The simple reorganization of the soldiers into working ethnic based groups at the camps did not solve all of the problems for the FSS.  There was a lack of educated bi-lingual and multi-lingual men to promote from within to take over these new groups of soldiers.  Brewer contacted the President of Lehigh University, Henry S. Drinker and asked for his help in finding college educated men to fulfill the ranks of commissioned officers.  Along with this search for college educated officers, the FSS started to look into the morale problems that plagued these soldiers.  Before those issues were dealt with the military created a new department called the Military Morale Section (MMS), which was under the Military Intelligence Division (MID) of the War Department.  The FSS soon found itself under Military control and in June 1918, Brewer resigned.  In a brief six months, Brewer transformed most of the organizational standards of the military’s structure regarding its immigrant soldiers.  Brewer’s replacement fell to Lieutenant Herbert A. Horgan.   Under Horgan’s command, the FSS expanded and improved the conditions of the immigrant soldiers for the duration of the war and through the demobilization period.  What lengths did the FSS and the military go to, to build up the failing morale of the immigrant soldiers?

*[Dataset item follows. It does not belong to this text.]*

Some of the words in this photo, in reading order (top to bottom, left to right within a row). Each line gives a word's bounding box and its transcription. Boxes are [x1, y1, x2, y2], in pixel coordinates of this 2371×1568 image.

Once the United States entered the war, it created the Commission on Training Camp Activities run by another progressive leader Raymond Fosdick.  The Commissions job was to provide morally uplifting activities for the soldiers.  Fosdick undertook the responsibility of providing a “cultivating and conserving the manhood and man-power of America’s fighting forces by providing a clean and wholesome environment.”   Fosdick brought a new combination of managerial and progressive liberalism to the office.  He was no stranger to difficult tasks as his former occupation was New York’s Commissioner of Accounts and led the way to the break up of the Tammany Hall political machine.  Fosdick wrote as part of the mission statement for the Commission,
The Commission’s aim to surround the men in service with an environment which is not only clean and wholesome but positively inspiring…the kind of environment which a democracy owes to those who fight in its behalf.

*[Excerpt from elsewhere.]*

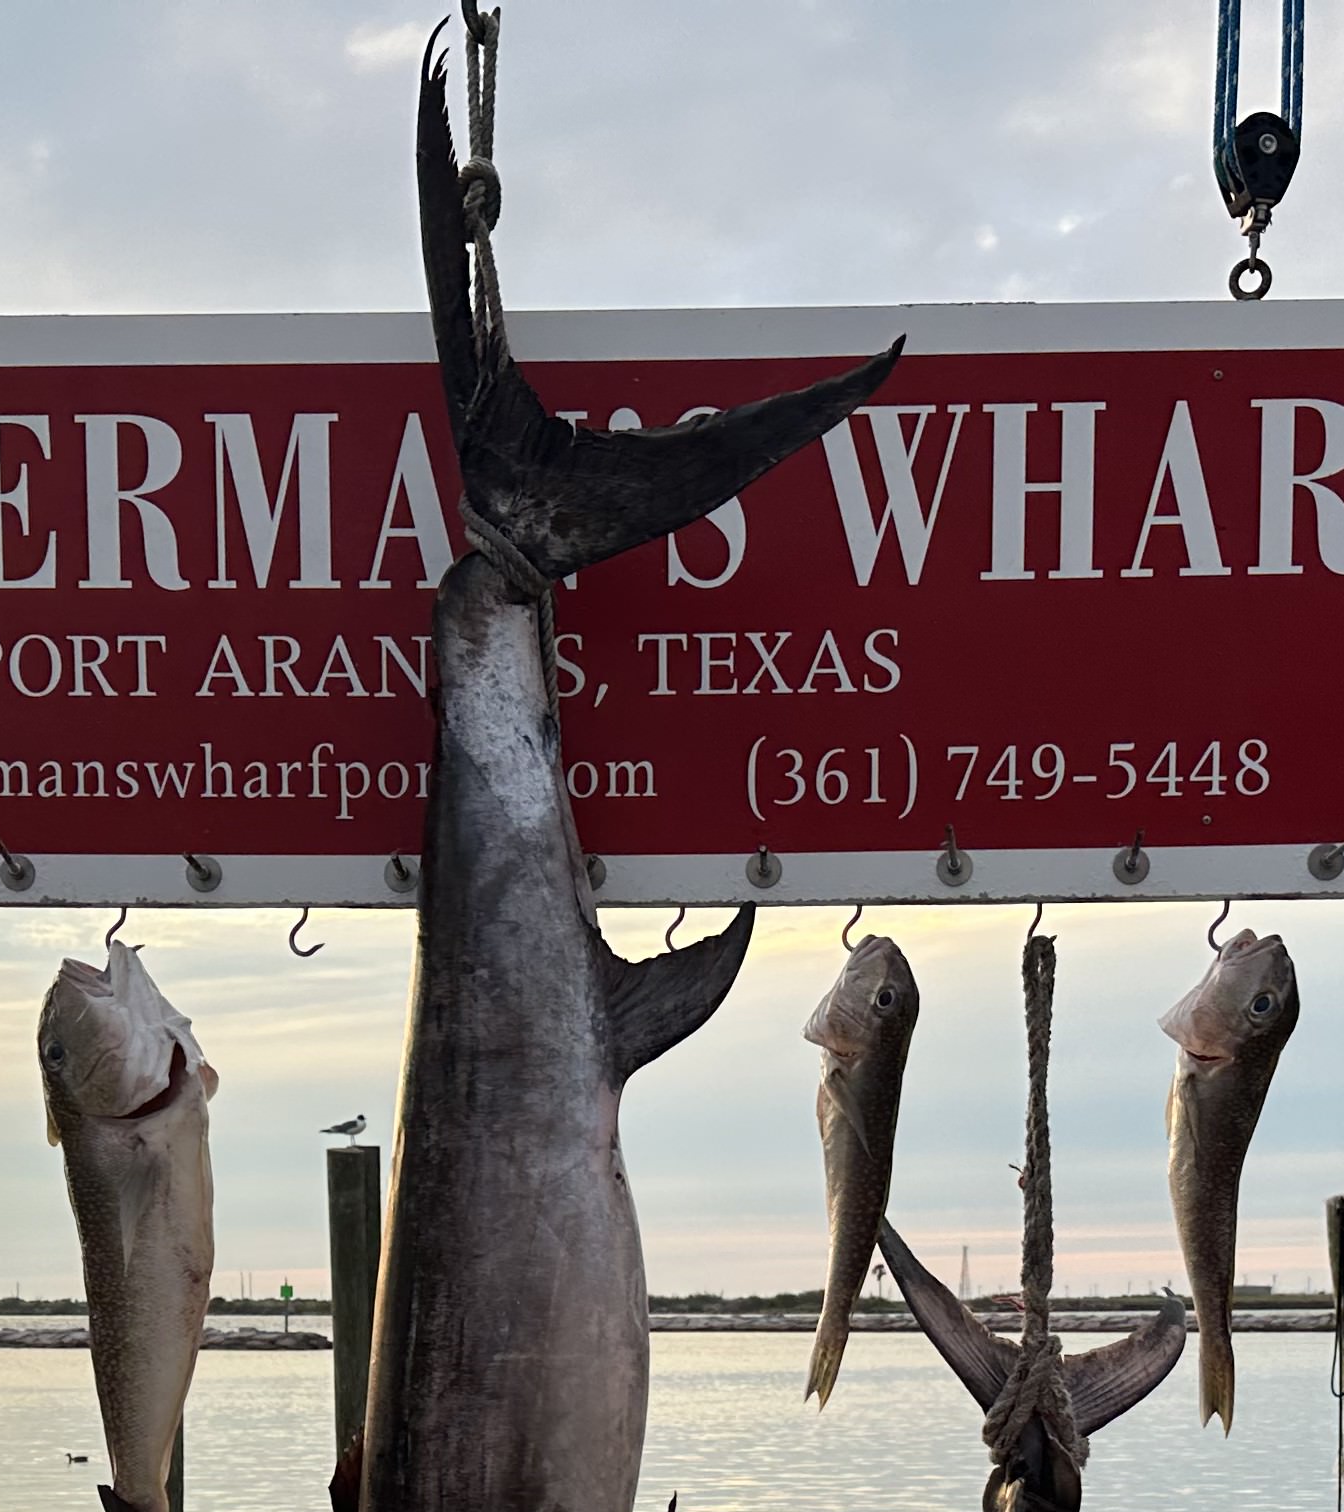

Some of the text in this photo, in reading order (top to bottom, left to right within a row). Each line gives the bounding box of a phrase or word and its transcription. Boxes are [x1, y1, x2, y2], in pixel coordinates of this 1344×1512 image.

Fosdick faced a considerable challenge not only with immigrant soldiers, whose cultures varied greatly but needed to provide for the native-born soldiers as well.  Falling in line with the idea of Fogel’s Third Great Awakening, the progressives sought to limit and even eradicate the social ills of alcohol, prostitution, and gambling and poor health conditions within the military.  An advocate of Fosdick’s progressive reforms was the Secretary of War, Newton Baker, once the mayor of Cleveland, Ohio who adopted methods of social welfare to combat crime and other social ills.  The two saw eye-to-eye on how the reshaping of America’s fighting men needed to happen.  How did the Commission change the social welfare of the fighting men?
The Commission of Training Camp Activities broke down into several different sections.  They included Social Hygiene, Law Enforcement, Athletics, Music, Theaters, Education and Publicity.  Within these groups, the Commission requisitioned the help of outside organizations to deal with the needs of foreign-born soldiers.  Those groups were the YMCA, YWCA, American Social Hygiene Association, Playground Recreation Association, American Library Association, Knights of Columbus and Jewish Welfare Board.  The American Red Cross and Salvation Army provided support for the fighting men in conjunction with these other groups.  With these groups assembled, Baker and Fosdick attacked the social ills of the military.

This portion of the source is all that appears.